Warning: This article contains the author’s recollections of anti-gay slurs from his childhood.

Two-and-a-half years ago, I attended a part-Christian, part-Jewish wedding of two women in Charleston, South Carolina, as the date of one of the brides’ uncles. As the two brides held each other’s faces and kissed, I, a 42-year-old queer man living in San Francisco, instinctively scanned the room for disapproving looks.
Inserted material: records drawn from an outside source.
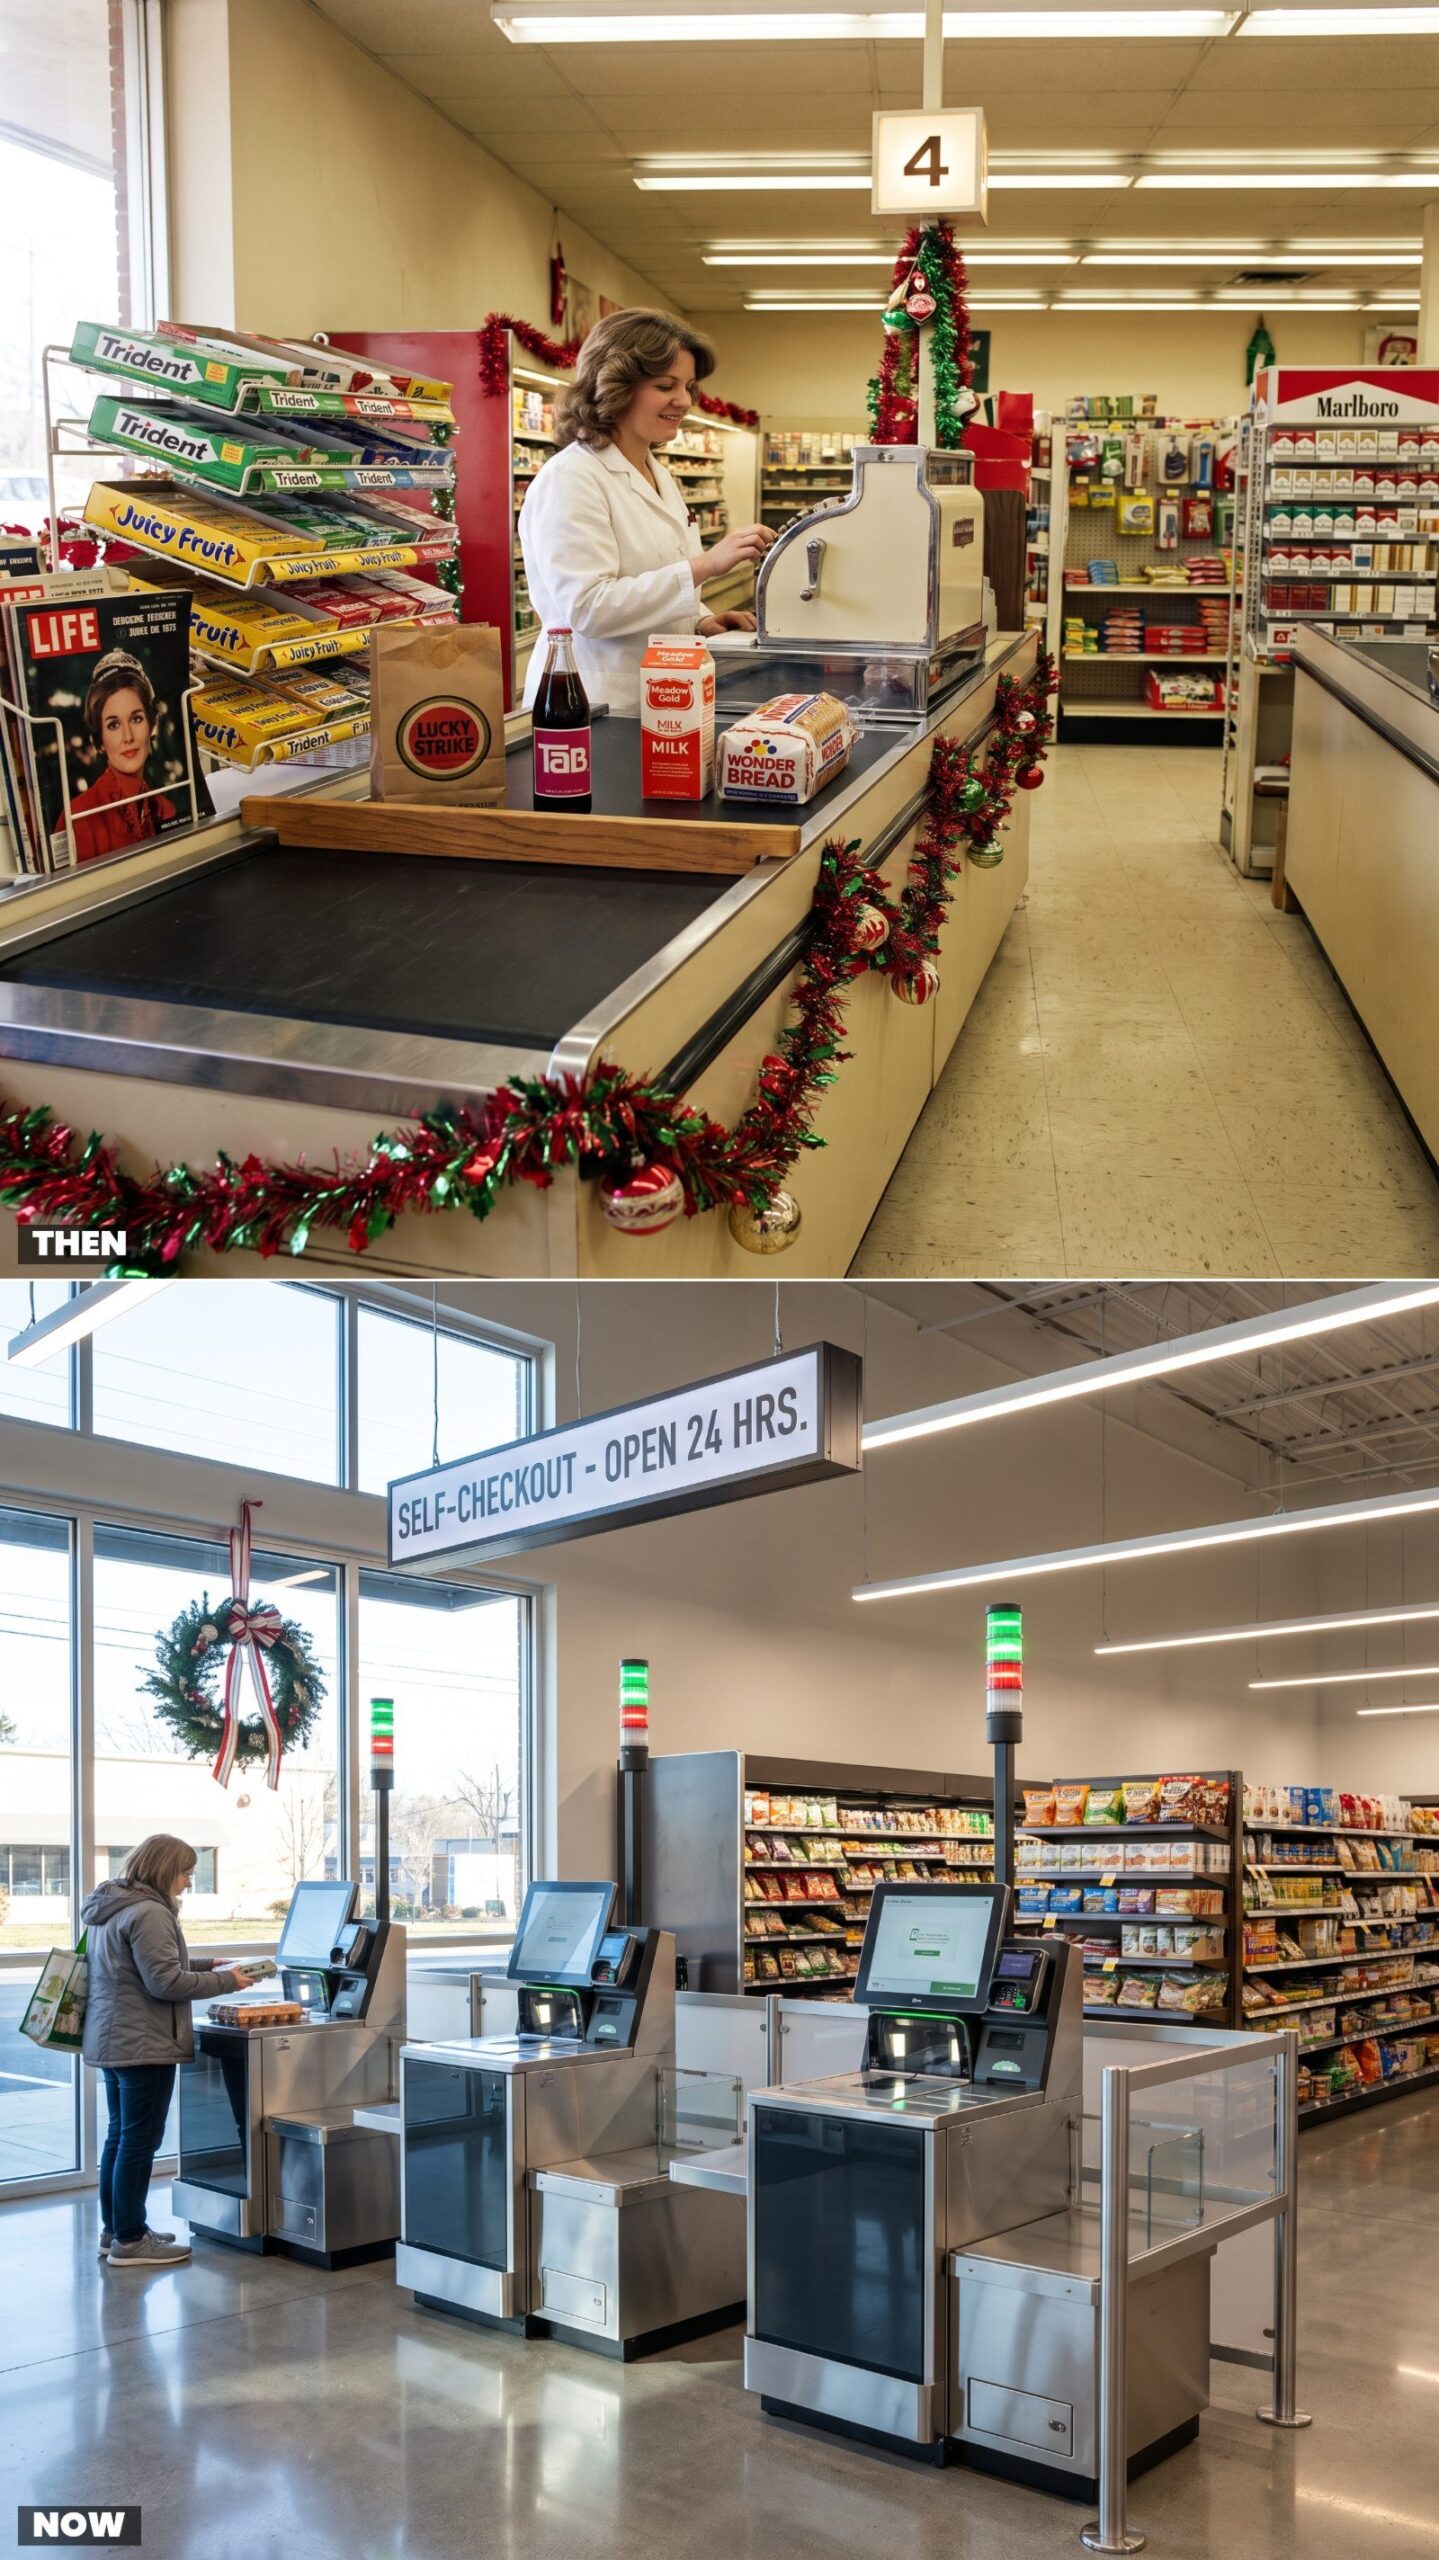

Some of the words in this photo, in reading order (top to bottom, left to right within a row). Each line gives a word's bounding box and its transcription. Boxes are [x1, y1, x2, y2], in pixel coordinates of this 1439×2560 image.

[903, 135, 949, 187] 4
[102, 335, 194, 382] Trident
[271, 392, 316, 408] Trident
[357, 400, 393, 414] Trident
[1316, 394, 1399, 418] Marlboro
[119, 411, 209, 461] Trident
[275, 470, 319, 486] Trident
[357, 471, 393, 485] Trident
[116, 504, 177, 545] Juicy
[177, 526, 237, 566] Fruit
[288, 561, 313, 575] Juicy
[313, 558, 337, 572] Fruit
[358, 554, 383, 568] Juicy
[382, 551, 404, 564] Fruit
[30, 611, 98, 655] LIFE
[288, 644, 316, 661] Juicy
[315, 640, 340, 657] Fruit
[651, 684, 689, 695] Meadow
[658, 694, 681, 703] Gold
[416, 719, 472, 738] LUCKY
[287, 731, 330, 755] Trident
[414, 737, 475, 756] STRIKE
[652, 741, 689, 755] MILK
[727, 753, 796, 771] WONDER
[727, 768, 796, 789] BREAD
[398, 1451, 578, 1540] SELF-CHECKOUT
[604, 1421, 678, 1483] OPEN
[686, 1408, 723, 1461] 24
[732, 1385, 808, 1449] HRS.
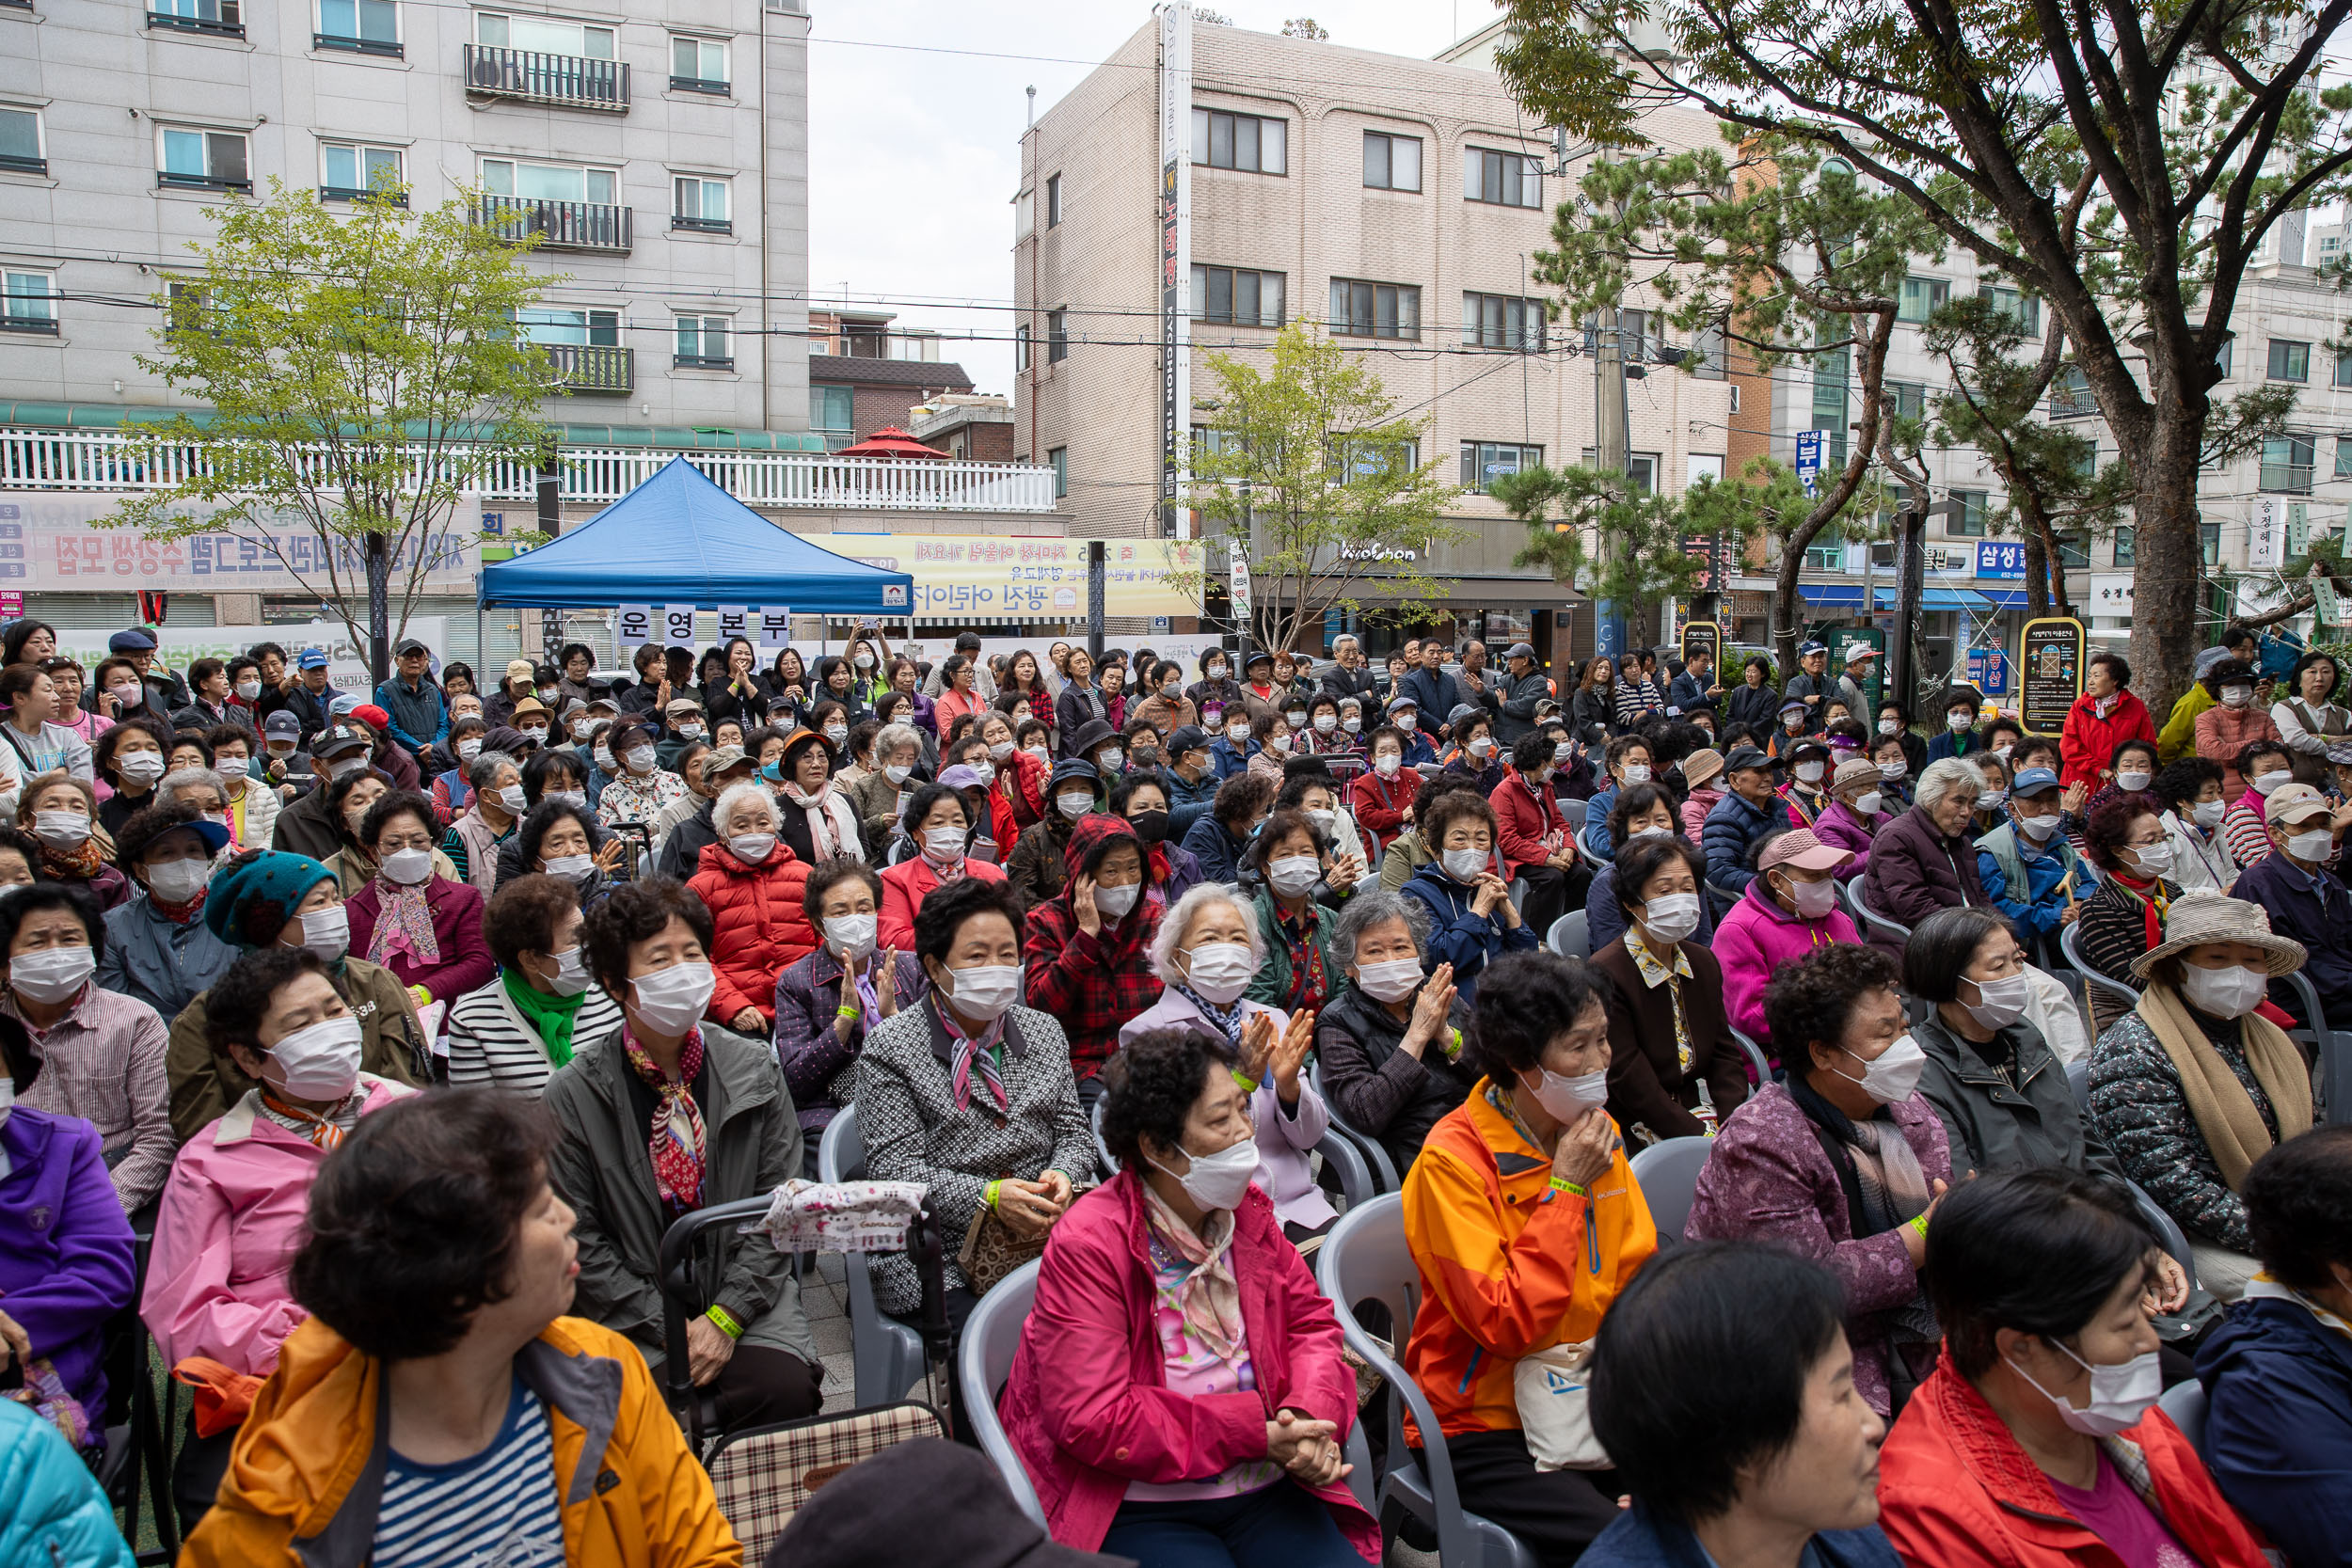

Throughout the last 20 years, I thought I’d worked through all the oppressions I’ve experienced: secret same-sex relationships, being uncomfortable around other LGBTQIA+ people, engaging in risky sexual behaviors and the absence of a consistent parental figure. So why did these brides’ open and welcome affection make me feel so anxious? My clasped hands trembled as if trying to break free from my wrists, and a flood of perspiration pierced through my black tuxedo.

However, I vowed not to allow the panic attack to cloud my thoughts or ruin my impeccable application of concealer. Being in that space, watching these two people take vows, forced me to dig up deeply buried and uncomfortable feelings.

After the wedding, I realized I needed to talk to someone who was not tied to my past.

“You may still harbor internalized homophobia from your childhood,” my therapist pointed out during our session. Upon her observation, I found myself involuntarily revisiting my childhood.

My first memory of meeting my mother was when I was 6 years old. Five years earlier, after she divorced my father in the Dominican Republic, she left me in the care of her parents and left for New York City to make a better life for us.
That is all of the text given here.